[Given entries]
== Segment start ==
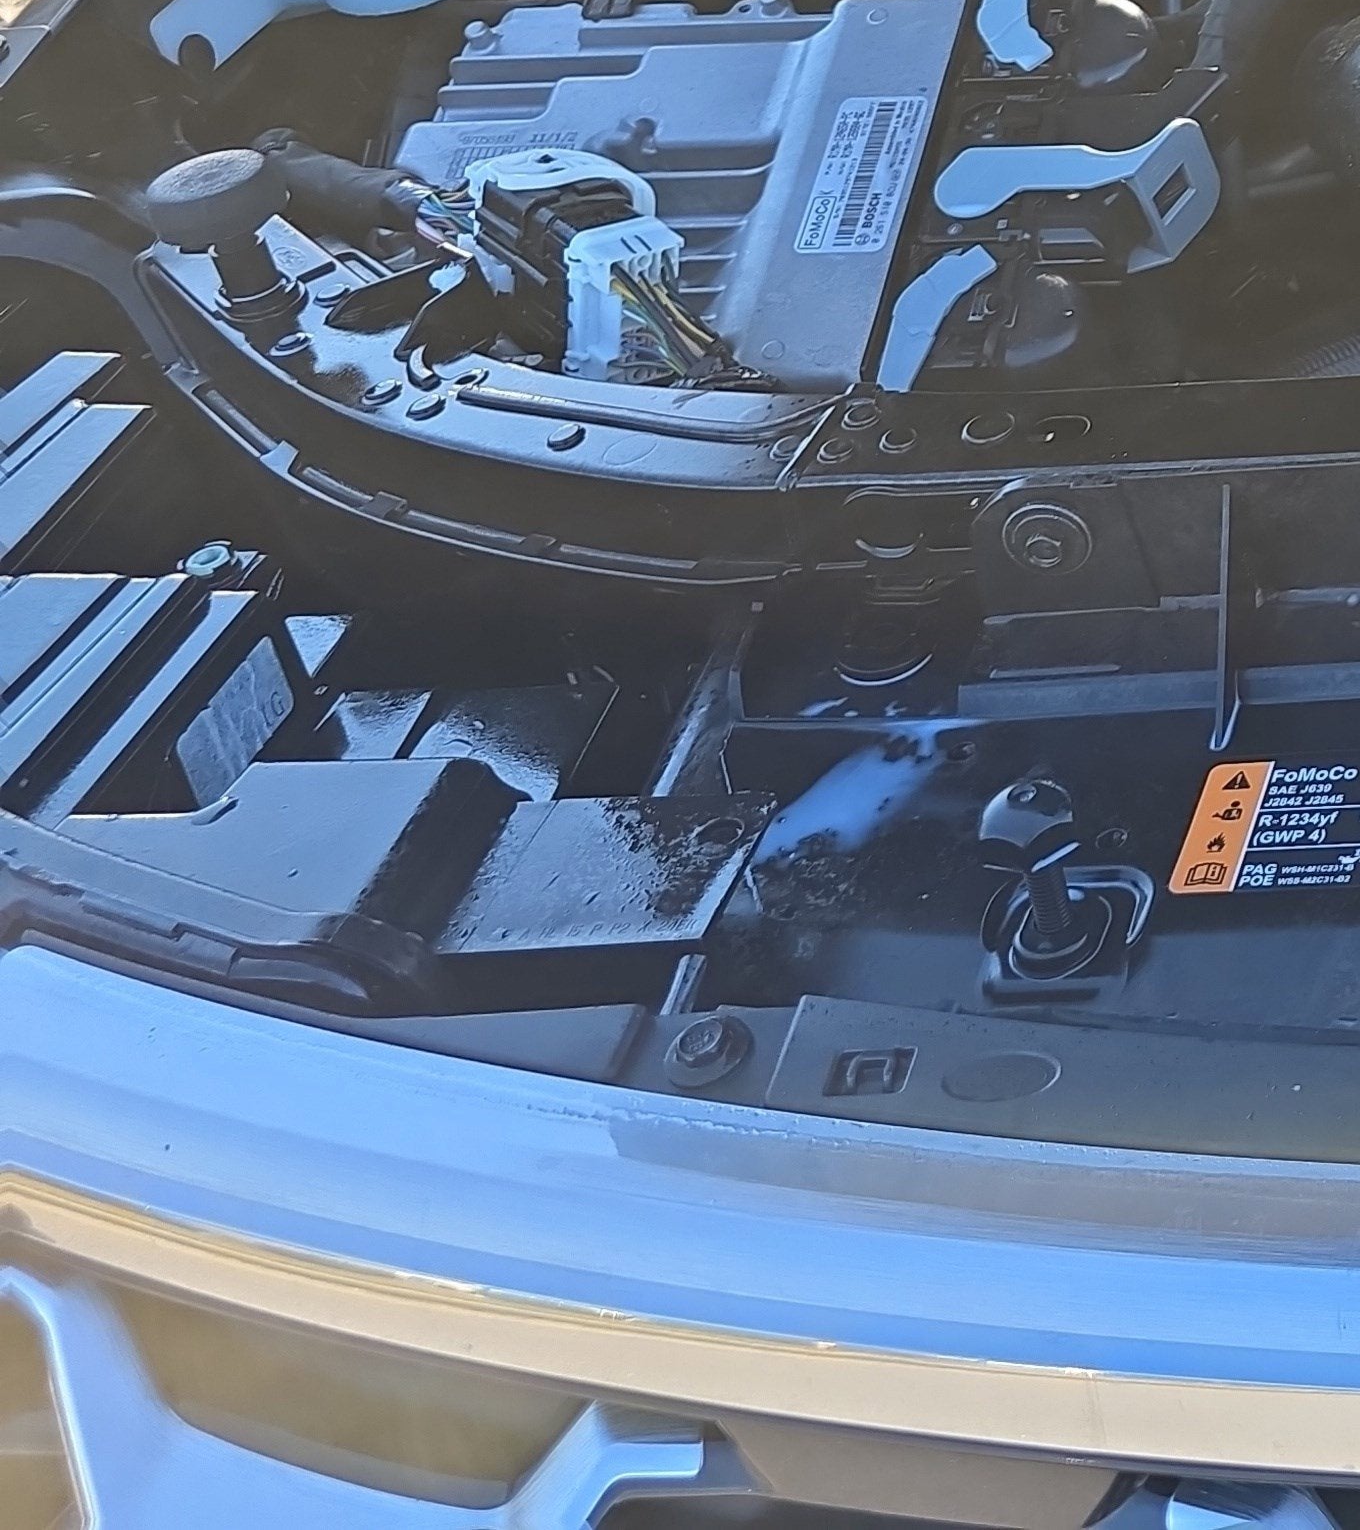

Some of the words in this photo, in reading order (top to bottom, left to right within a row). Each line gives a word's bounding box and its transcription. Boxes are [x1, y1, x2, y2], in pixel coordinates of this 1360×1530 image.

[861, 192, 882, 229] BOSCH
[803, 198, 831, 247] FoMoCo
[1271, 766, 1358, 783] FoMoCo
[1268, 785, 1298, 795] SAE
[1300, 783, 1333, 794] J639
[1263, 796, 1303, 807] J2842
[1305, 794, 1344, 805] J2845
[1258, 810, 1339, 827] R-1234yf
[1252, 830, 1306, 846] (GWP
[1308, 829, 1326, 844] 4)
[1242, 863, 1278, 875] PAG
[1238, 875, 1275, 887] POE
== Segment end ==
[What is being asked] Pictures in the records above should not be copied. Repeat everything else exactly.

[Solution to this exercise]
Some of the words in this photo, in reading order (top to bottom, left to right within a row). Each line gives a word's bounding box and its transcription. Boxes are [x1, y1, x2, y2], in pixel coordinates of this 1360×1530 image.

[861, 192, 882, 229] BOSCH
[803, 198, 831, 247] FoMoCo
[1271, 766, 1358, 783] FoMoCo
[1268, 785, 1298, 795] SAE
[1300, 783, 1333, 794] J639
[1263, 796, 1303, 807] J2842
[1305, 794, 1344, 805] J2845
[1258, 810, 1339, 827] R-1234yf
[1252, 830, 1306, 846] (GWP
[1308, 829, 1326, 844] 4)
[1242, 863, 1278, 875] PAG
[1238, 875, 1275, 887] POE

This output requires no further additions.